▸ What to do
Transcribe the entries exactly as they stand below, passing over any picture.

[Dataset excerpts]
****************
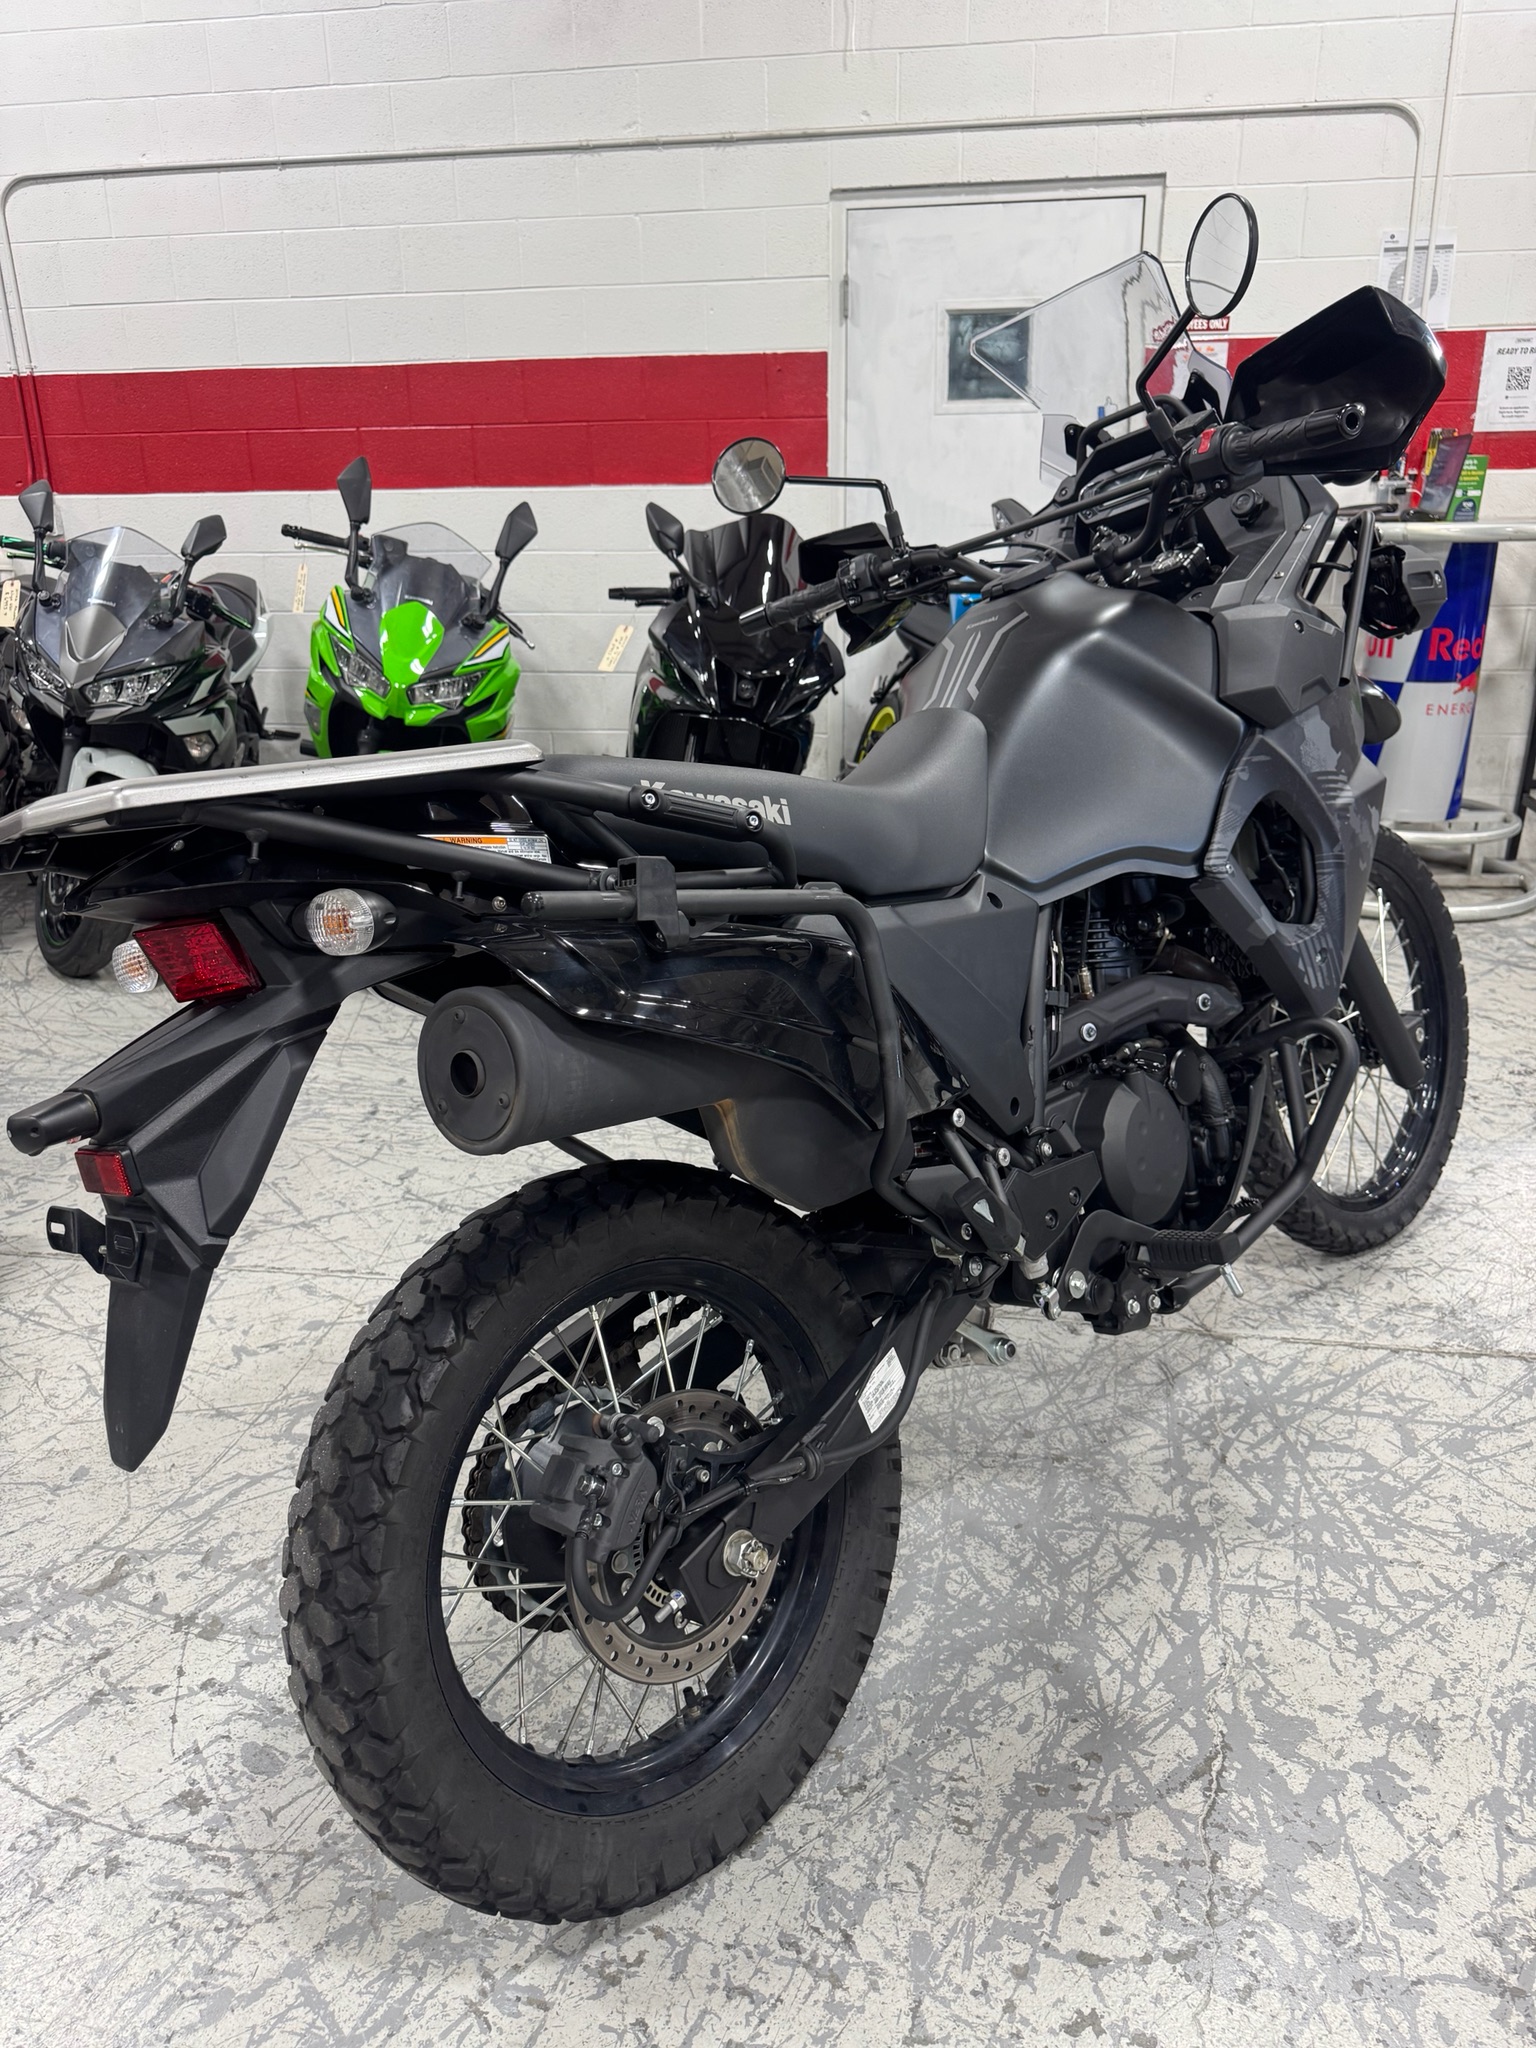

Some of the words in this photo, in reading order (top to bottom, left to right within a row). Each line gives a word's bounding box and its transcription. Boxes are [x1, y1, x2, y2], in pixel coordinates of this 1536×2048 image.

[1496, 347, 1519, 355] READY
[1520, 347, 1529, 355] TO
[1427, 624, 1486, 661] Red
[1425, 701, 1472, 716] ENERG
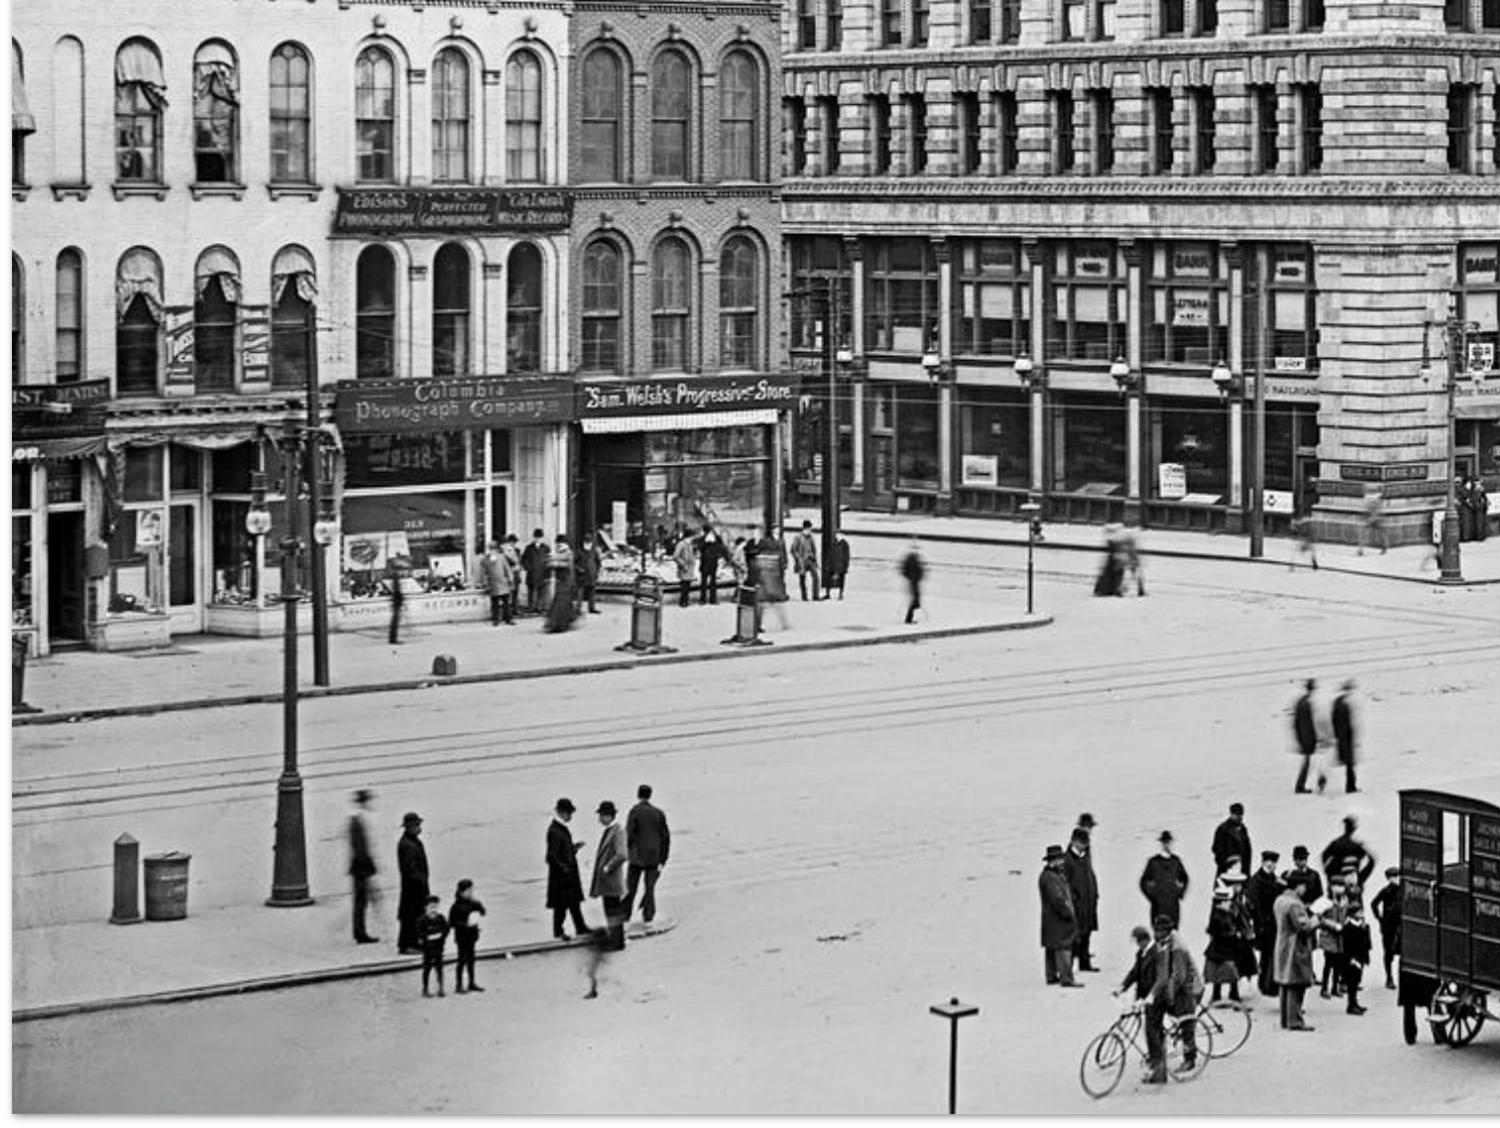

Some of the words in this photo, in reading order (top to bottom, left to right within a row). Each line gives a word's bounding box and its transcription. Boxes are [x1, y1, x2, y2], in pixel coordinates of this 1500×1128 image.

[415, 384, 505, 402] Columbia
[676, 380, 754, 409] Progressive
[754, 379, 793, 400] Store
[355, 400, 460, 423] Phonograph
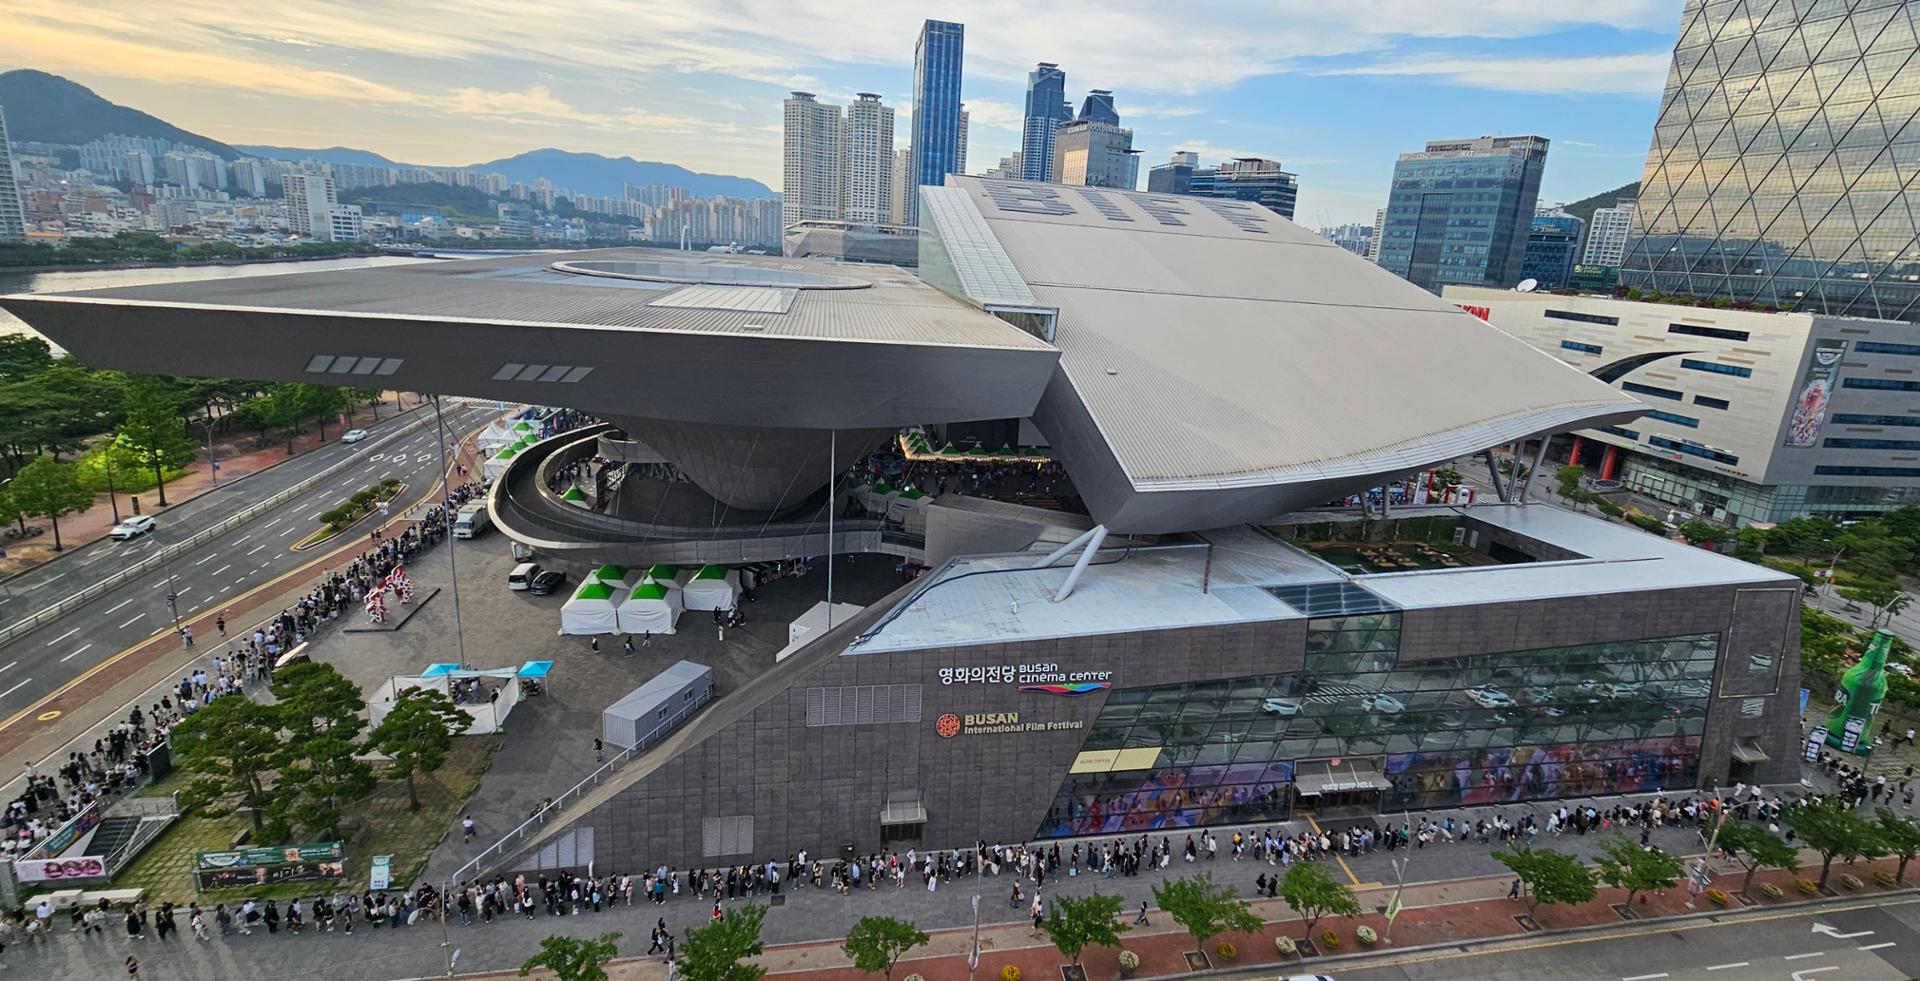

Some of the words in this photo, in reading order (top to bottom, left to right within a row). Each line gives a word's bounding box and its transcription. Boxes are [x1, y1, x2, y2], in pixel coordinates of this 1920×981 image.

[938, 665, 1016, 685] 영화의전당
[964, 712, 1018, 725] BUSAN
[964, 723, 1024, 734] International
[1025, 722, 1045, 731] Film
[1047, 720, 1083, 730] Festival
****************
▸ Exercise result
Some of the words in this photo, in reading order (top to bottom, left to right within a row). Each line gives a word's bounding box and its transcription. Boxes are [x1, y1, x2, y2], in pixel coordinates of this 1536×2048 image.

[1496, 347, 1519, 355] READY
[1520, 347, 1529, 355] TO
[1427, 624, 1486, 661] Red
[1425, 701, 1472, 716] ENERG

Some of the words in this photo, in reading order (top to bottom, left to right within a row). Each line gives a word's bounding box and its transcription. Boxes are [x1, y1, x2, y2], in pixel coordinates of this 1500×1128 image.

[415, 384, 505, 402] Columbia
[676, 380, 754, 409] Progressive
[754, 379, 793, 400] Store
[355, 400, 460, 423] Phonograph

Some of the words in this photo, in reading order (top to bottom, left to right within a row). Each line gives a word's bounding box and its transcription. Boxes are [x1, y1, x2, y2], in pixel coordinates of this 1920×981 image.

[938, 665, 1016, 685] 영화의전당
[964, 712, 1018, 725] BUSAN
[964, 723, 1024, 734] International
[1025, 722, 1045, 731] Film
[1047, 720, 1083, 730] Festival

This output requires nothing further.